At the other end of the spectrum are residents of affluent urban neighbourhoods who live in relatively well-ventilated houses in addition to owning Air Conditioners. They also have backup power sources to support them during rare instances of power cuts. This glaring energy inequity in urban areas demands scrutiny, given the fact that a typical one-tonne, split-AC in India consumes as much power as 25 ceiling fans.
Rising temperatures fuelled by the escalating climate crisis and the energy inequity scenario warrants moving towards a diversity of thermal comfort interventions which are both sustainable and affordable.
While there have been interventions—such as ‘cool roofs’, which involve painting roofs white to reflect heat, and those such as the ‘dormer window’, which support creating a gateway for hot indoor air to escape outdoors—cooling mechanisms that focus on creating a barrier between the suns radiation and a tin-roofed house are rare.
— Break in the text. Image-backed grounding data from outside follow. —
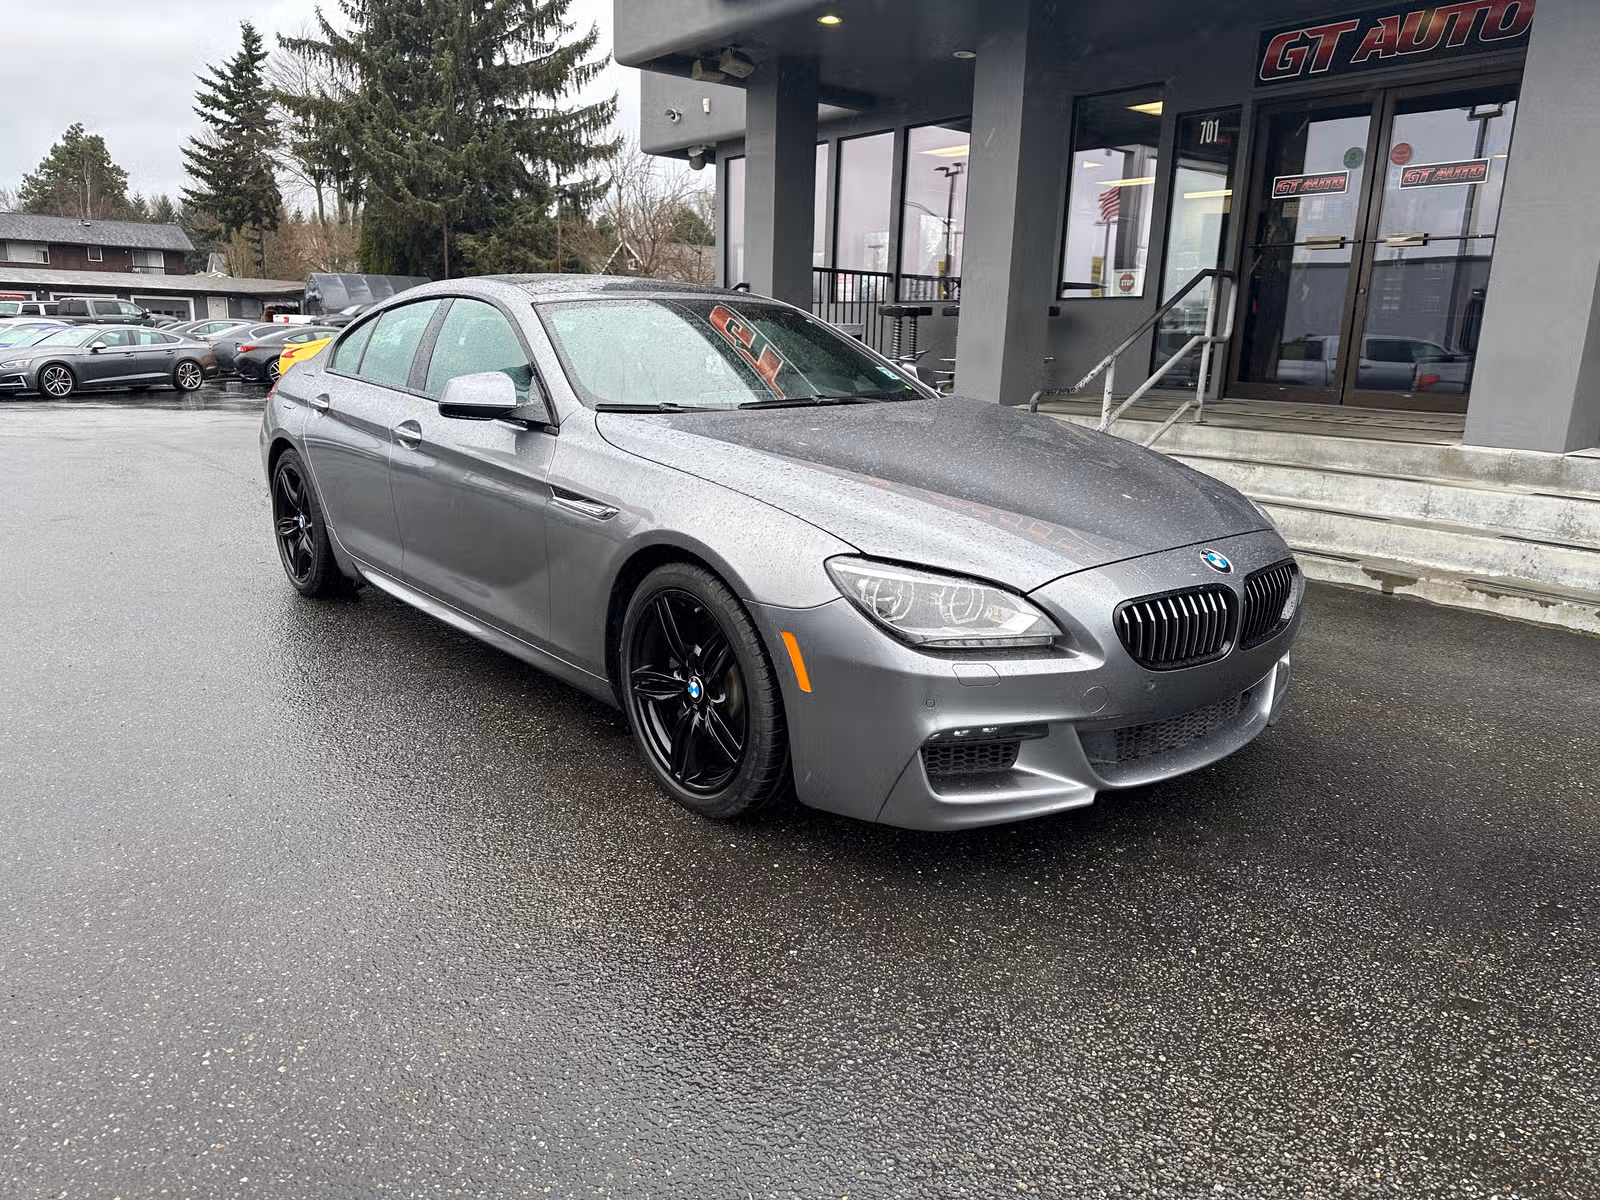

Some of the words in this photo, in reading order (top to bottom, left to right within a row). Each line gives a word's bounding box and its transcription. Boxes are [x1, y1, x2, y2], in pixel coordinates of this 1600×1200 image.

[1260, 18, 1360, 81] GT
[1350, 0, 1537, 63] AUTO
[1200, 119, 1219, 144] 701
[1403, 168, 1435, 184] GT
[1432, 165, 1485, 181] AUTO
[1275, 179, 1303, 194] GT
[1300, 176, 1345, 191] AUTO
[1120, 279, 1134, 287] STOP
Recognising the need to work on experimenting with such mechanisms and some already existing ones with inhabitants of informal settlements, our team at cBalance curated the ‘Informal Housing Thermal Comfort’ project.
Most thermal cooling techniques as part of this endeavour focus on experimenting with such mechanisms. A vital element of this experimentation was to build on internal research findings and ‘co-create’ contextualised techniques with informal housing communities.
Initial exploratory data collected on thermal conditions in a few informal structures in Mumbai and Pune indicated roof surface temperatures above 50°C even when air temperatures were a moderate 30°C.